Today, children diagnosed with acute lymphoblastic leukemia can be cured with conventional therapies with a probability of almost 90 percent. This was already the case when Judith Feucht began working as a resident at the University Hospital of Tübingen after completing her medical studies in 2011. However, the young patients she treated there had often suffered a relapse of their blood cancer. They had exhausted all treatment options, and their chances of survival were slim. During those years, American clinics in New York, Memphis, and Philadelphia offered hope for such children and their parents. In the first decade of the 21st century, a new form of gene therapy for the treatment of blood cancer had been developed there, which was first tested on patients in the early 2010s.
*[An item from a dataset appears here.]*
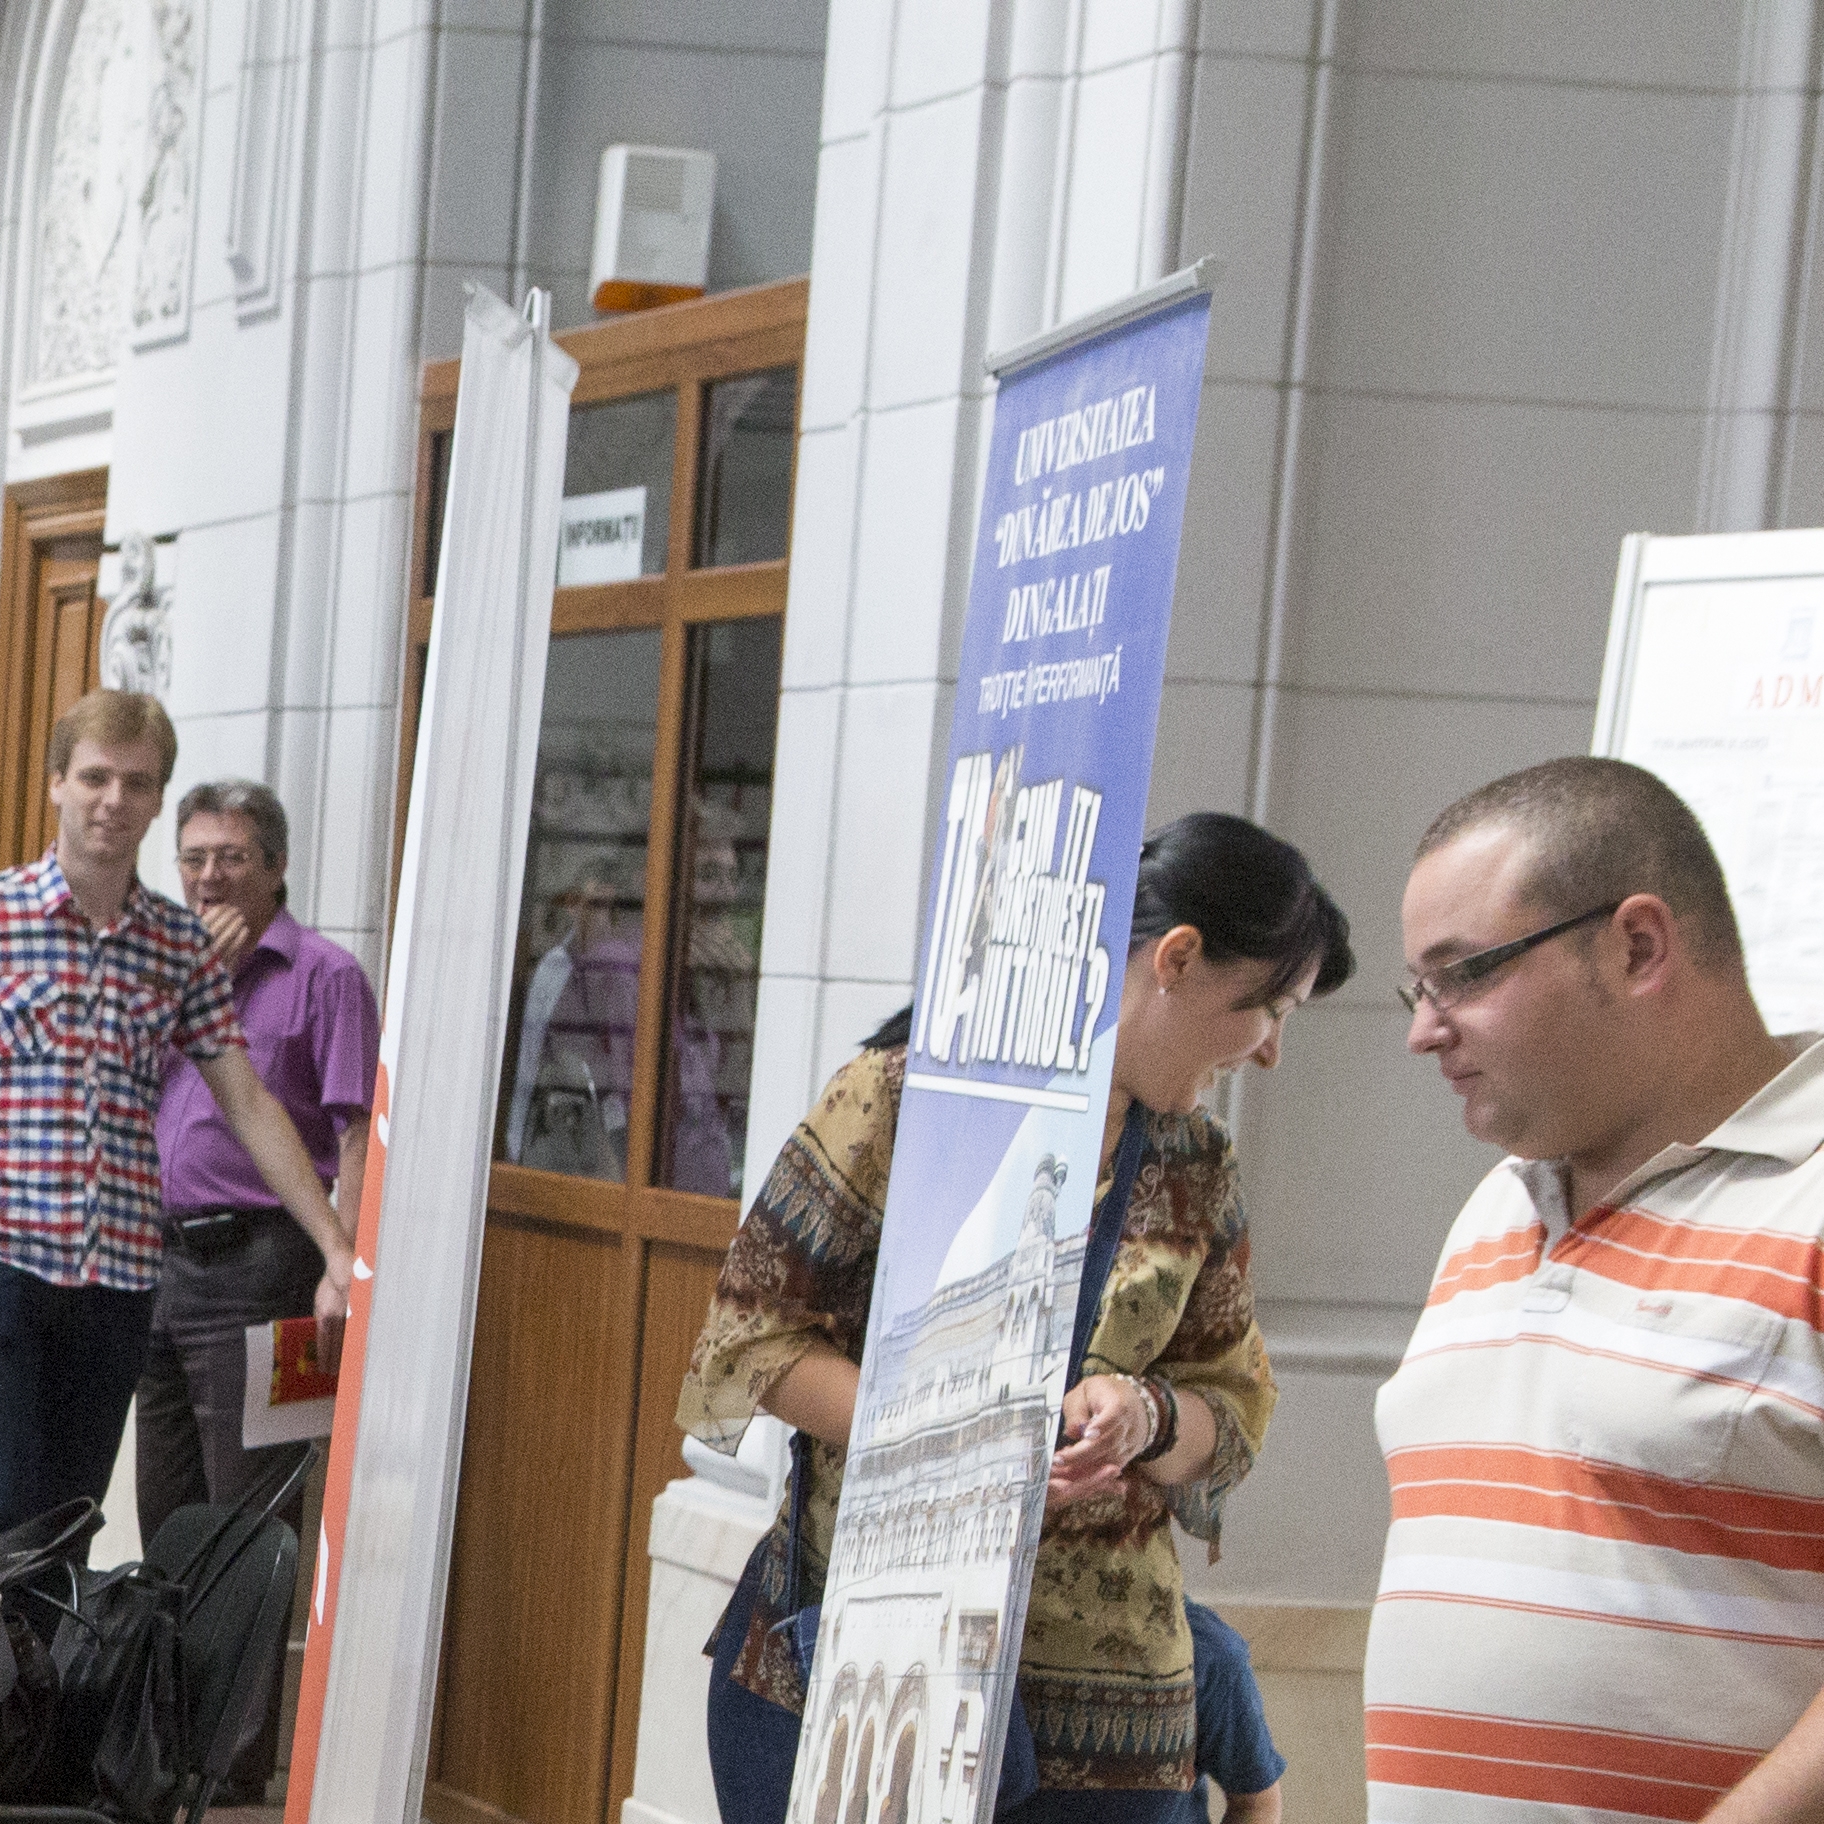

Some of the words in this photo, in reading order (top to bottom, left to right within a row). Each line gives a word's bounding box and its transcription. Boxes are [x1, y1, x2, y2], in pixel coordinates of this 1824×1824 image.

[1014, 384, 1156, 487] UNIVERSITATEA
[1081, 480, 1114, 547] DE
[1002, 583, 1047, 645] DIN
[1006, 777, 1064, 879] CUM
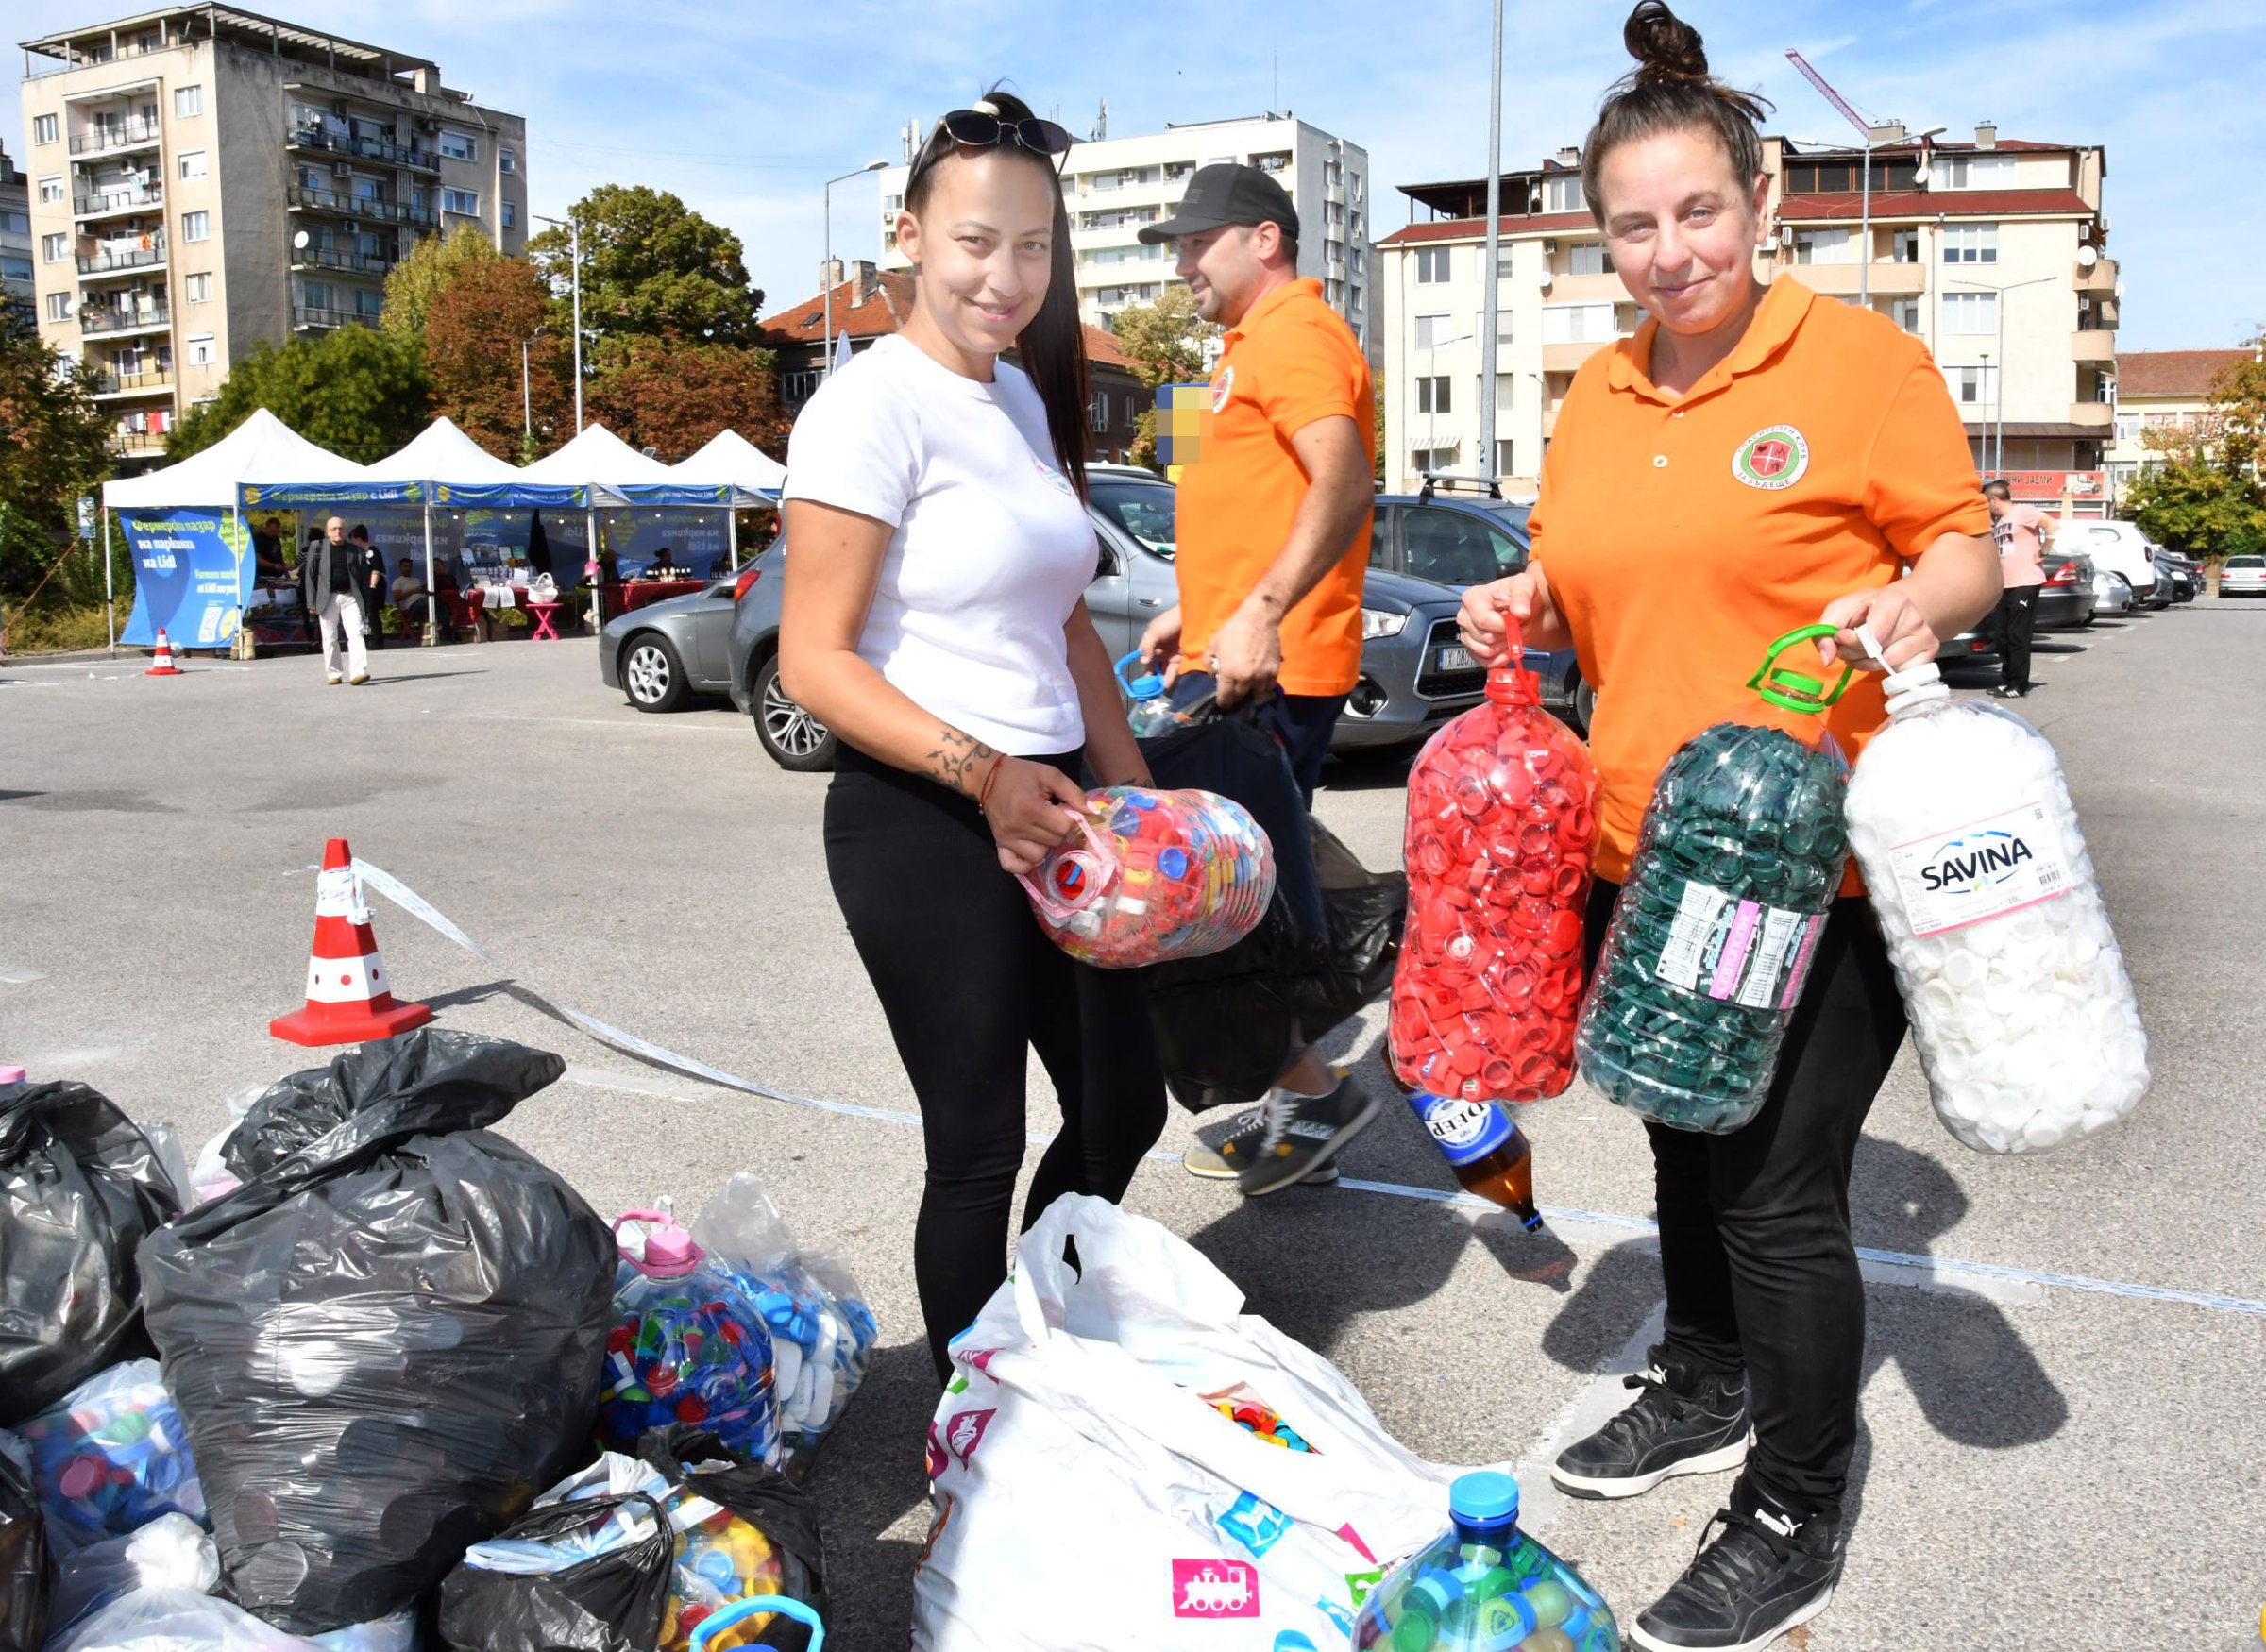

These patients had their own T cells removed and genetically engineered outside their bodies with an artificial surface receptor that was precisely targeted at specific cancer cells. The manufacturing process took three to four weeks before the modified cells were re-administered to the patient. This so-called CAR-T cell therapy was based largely on preclinical research by Michel Sadelain in New York. He also published the results of the first clinical trial in adults. Carl June, in turn, became a pioneer in Philadelphia in the treatment of children with leukemia using CAR-T cells – with remarkable success. In April 2012, June treated a child suffering from refractory leukemia for the first time as part of a clinical trial. That child was 7-year-old Emily Whitehead. She recently celebrated her 20th birthday. Judith Feucht recalls that a few children from Tübingen were also sent to the US at the time under the aegis of department director Rupert Handgretinger. “I have to learn the technique to bring this therapy to Germany,” she thought. With the support of her doctoral supervisor Tobias Feuchtinger, she contacted Michel Sadelain. He was impressed by her determination and invited her to introduce herself to his group in New York. A few months later, Feucht found herself working as a postdoctoral researcher with Sadelain at Memorial Sloan Kettering Cancer Center, where she made substantial contributions to the further development of CAR-T cell therapy.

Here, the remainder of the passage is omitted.